**EXERCISE GOAL:** Repeat the full listing below verbatim and keep the images out.

**EXTRACTED INFORMATION:**
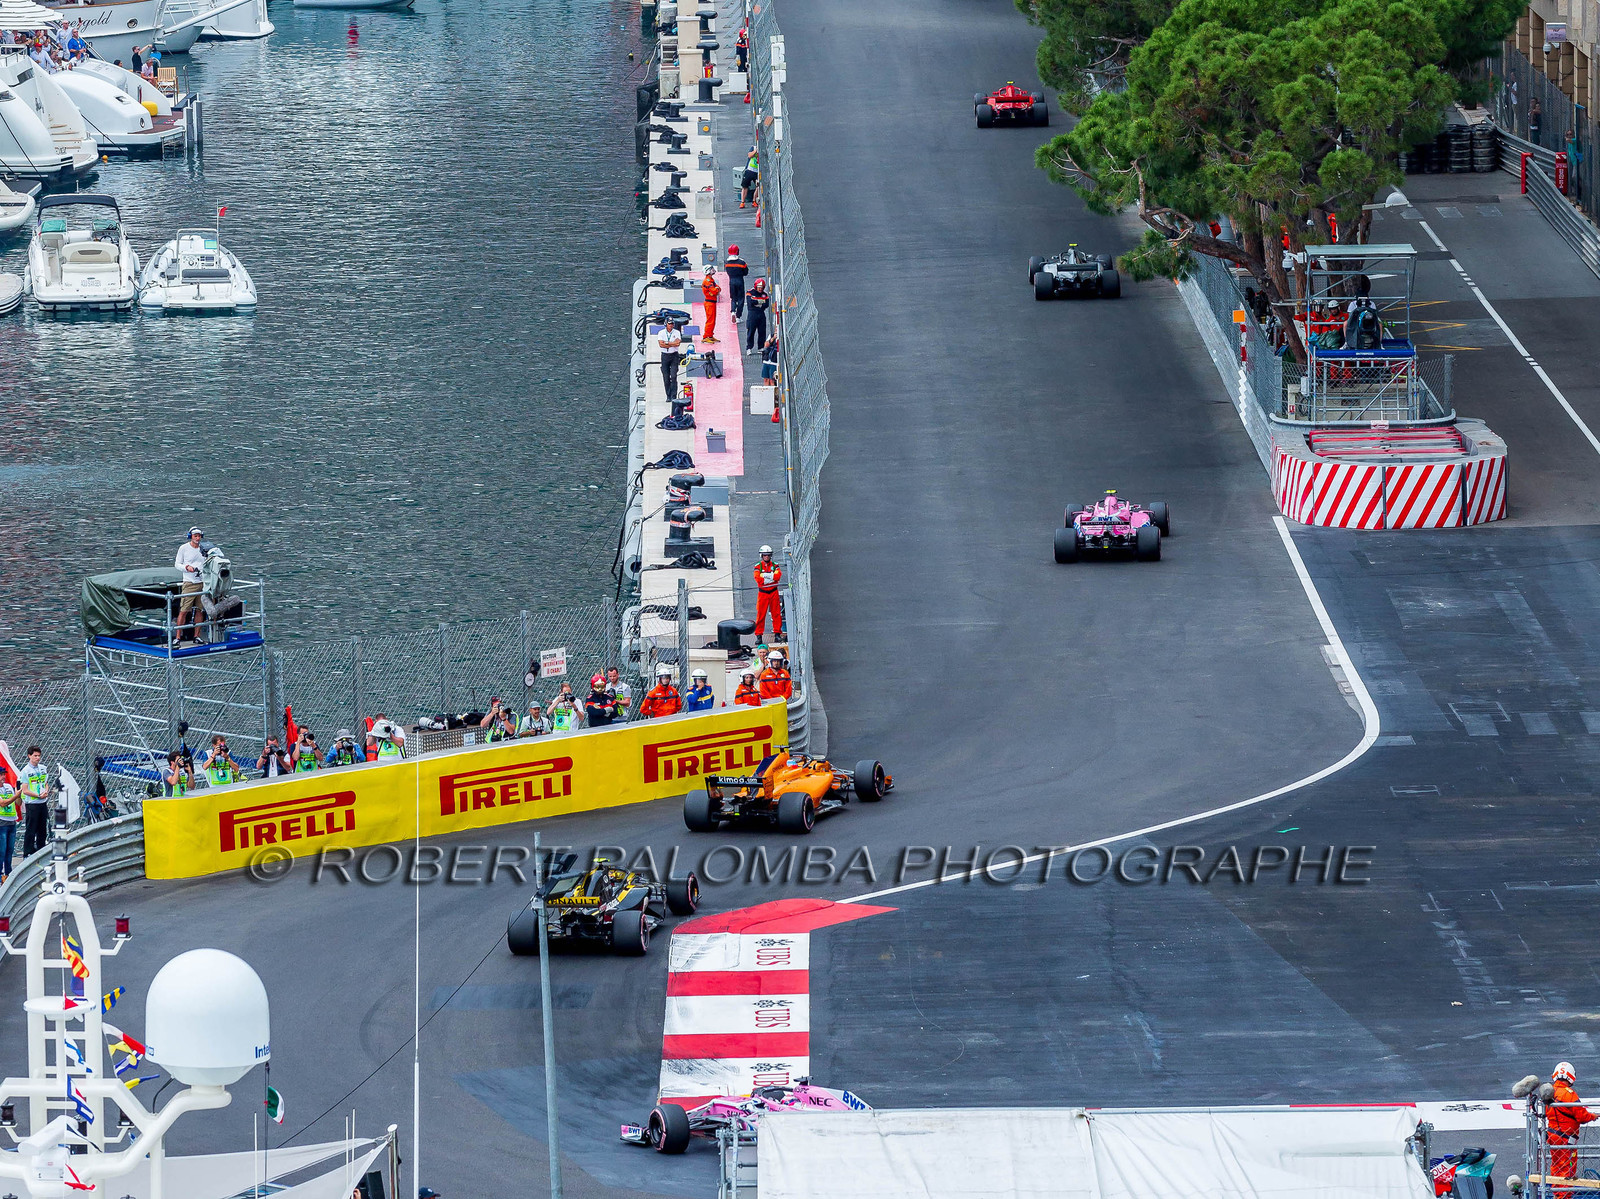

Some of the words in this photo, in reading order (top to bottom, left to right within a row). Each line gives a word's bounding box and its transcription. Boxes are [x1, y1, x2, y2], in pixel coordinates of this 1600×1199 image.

[643, 724, 774, 784] PIRELLI
[439, 756, 573, 816] PIRELLI
[219, 790, 356, 852] PIRELLI
[756, 947, 791, 966] UBS
[755, 1008, 790, 1028] UBS
[753, 1072, 790, 1087] UB
[809, 1096, 833, 1108] NEC
[628, 1127, 641, 1135] BWT
[1431, 1163, 1449, 1177] OLA
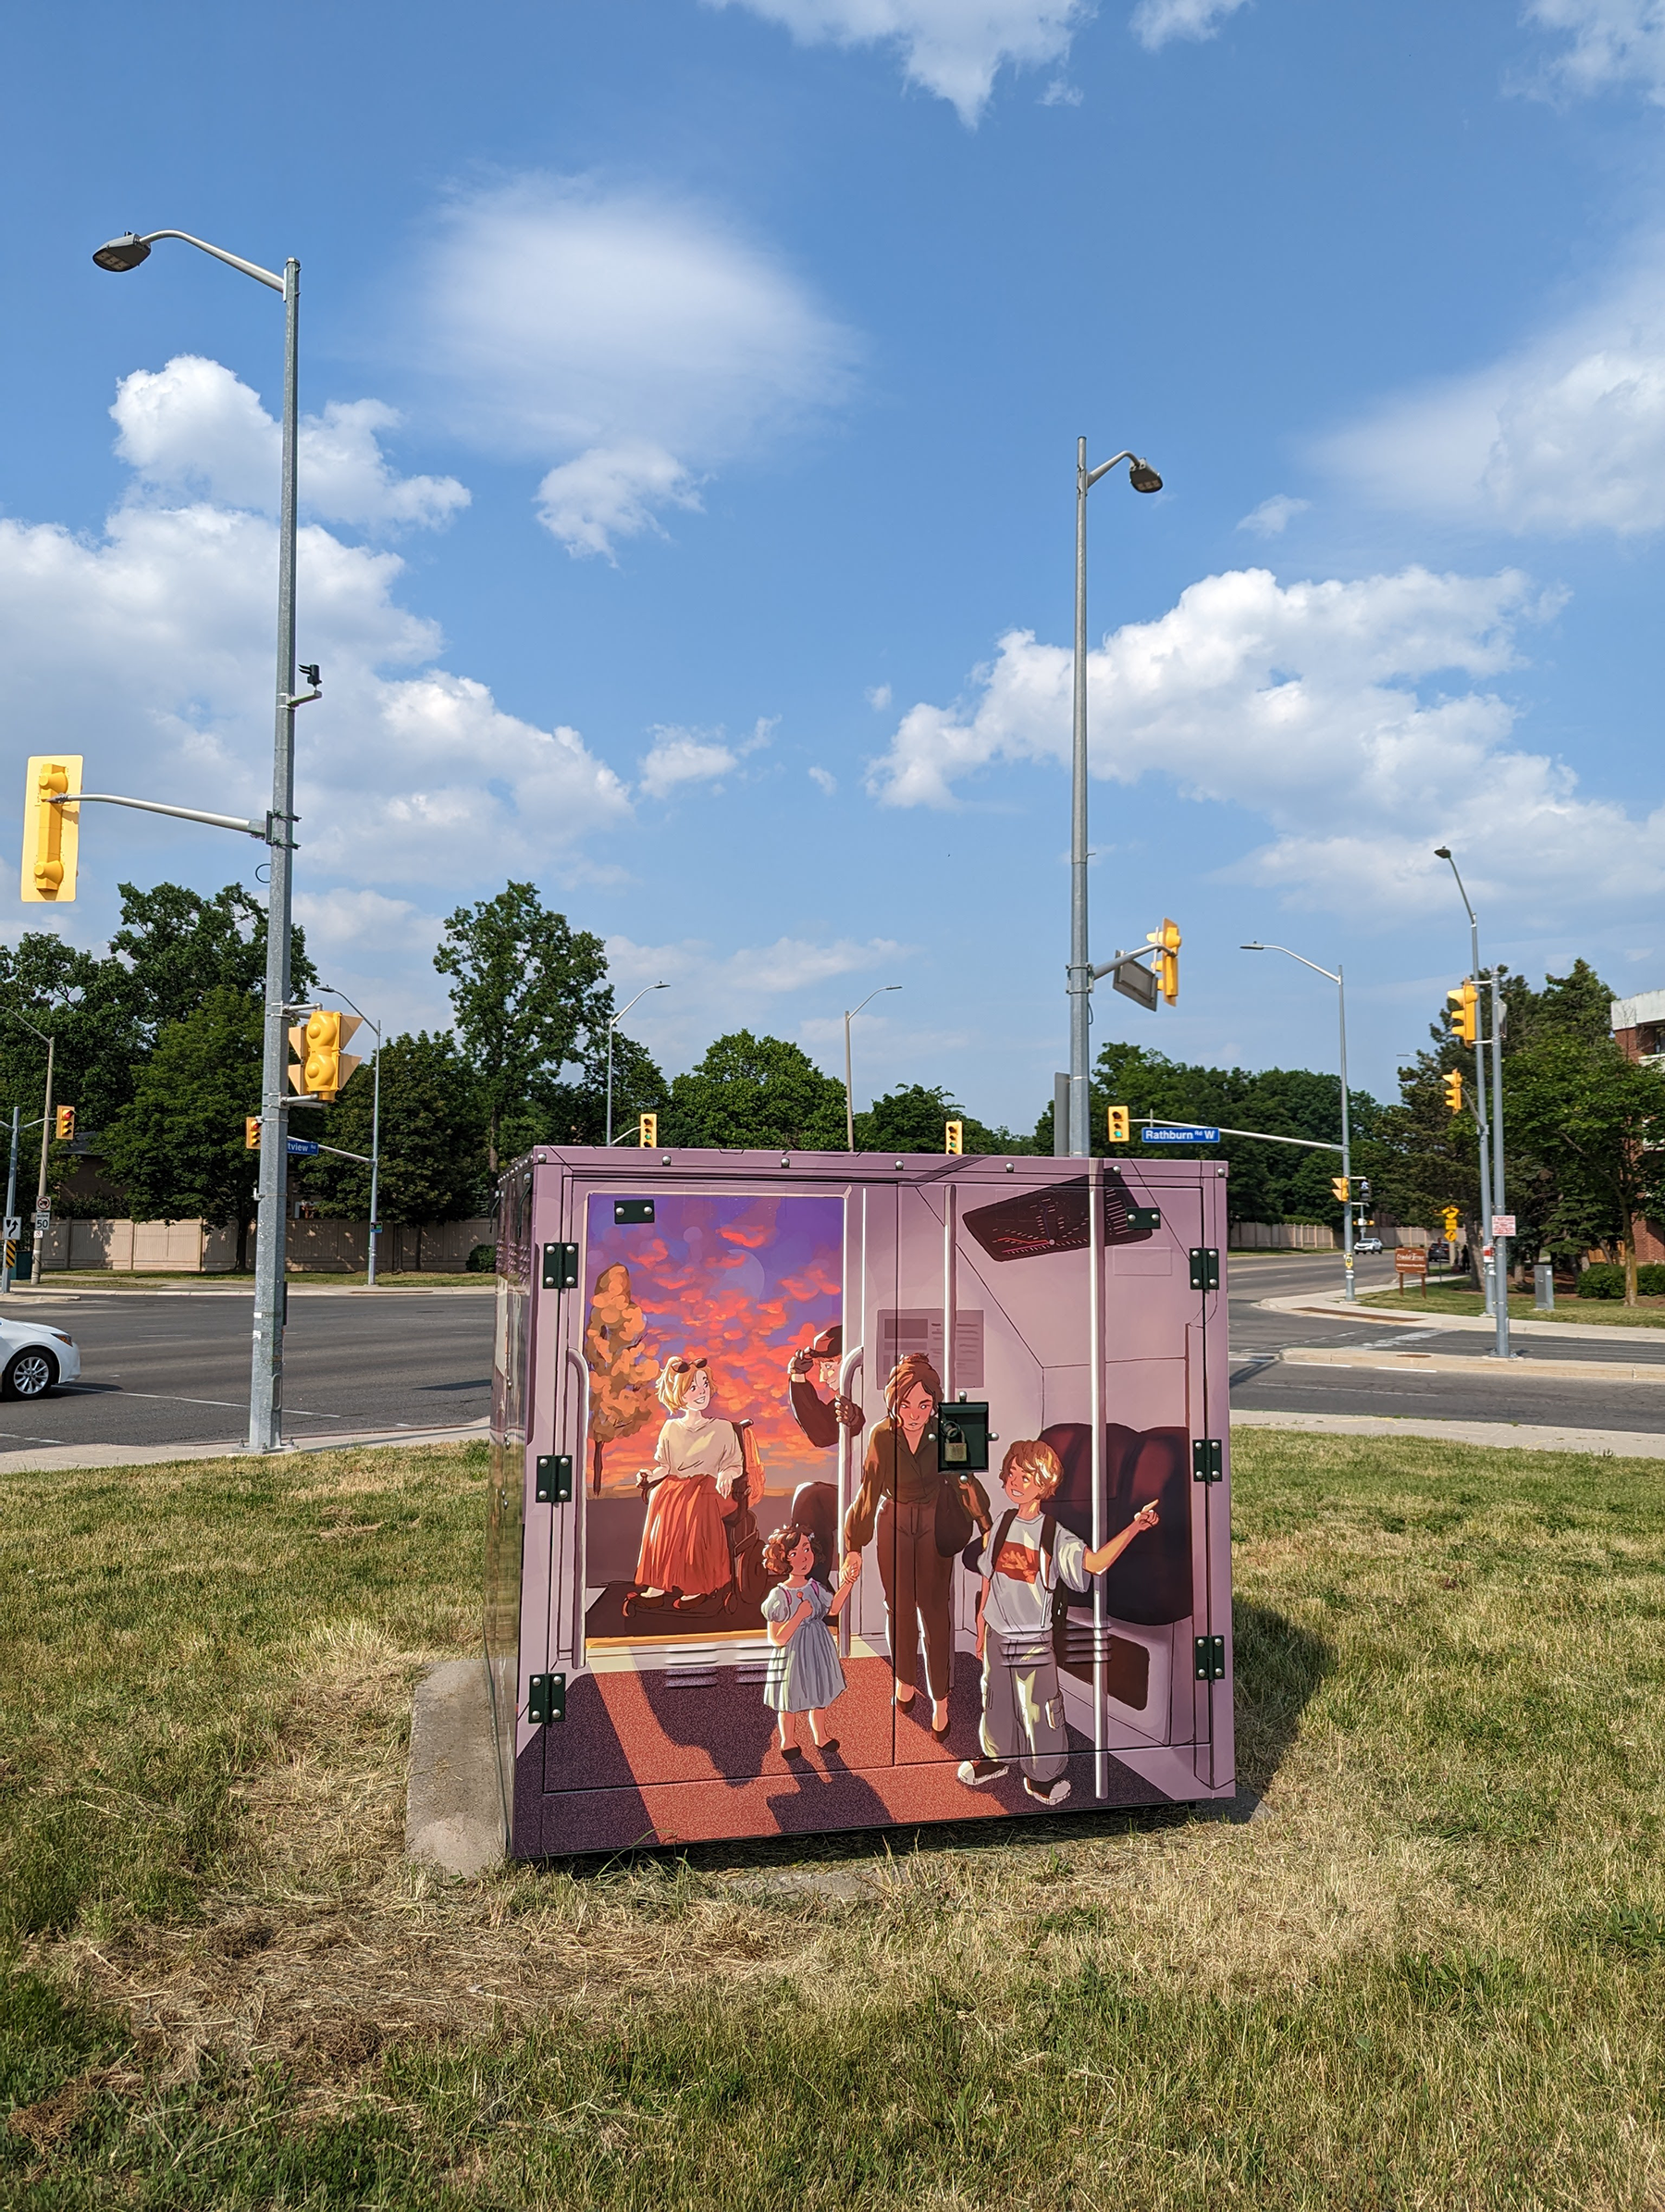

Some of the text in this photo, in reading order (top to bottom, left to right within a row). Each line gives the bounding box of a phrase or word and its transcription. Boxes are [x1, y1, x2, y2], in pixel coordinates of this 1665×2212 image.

**FINISHED EXERCISE:**
Some of the words in this photo, in reading order (top to bottom, left to right within a row). Each line gives a word's bounding box and its transcription. Boxes are [x1, y1, x2, y2], in pixel coordinates of this 1600×1199 image.

[643, 724, 774, 784] PIRELLI
[439, 756, 573, 816] PIRELLI
[219, 790, 356, 852] PIRELLI
[756, 947, 791, 966] UBS
[755, 1008, 790, 1028] UBS
[753, 1072, 790, 1087] UB
[809, 1096, 833, 1108] NEC
[628, 1127, 641, 1135] BWT
[1431, 1163, 1449, 1177] OLA

Some of the text in this photo, in reading order (top to bottom, left to right within a row). Each line gives the bounding box of a phrase or word and its transcription. Boxes are [x1, y1, x2, y2], in pixel coordinates of this 1665×2212 image.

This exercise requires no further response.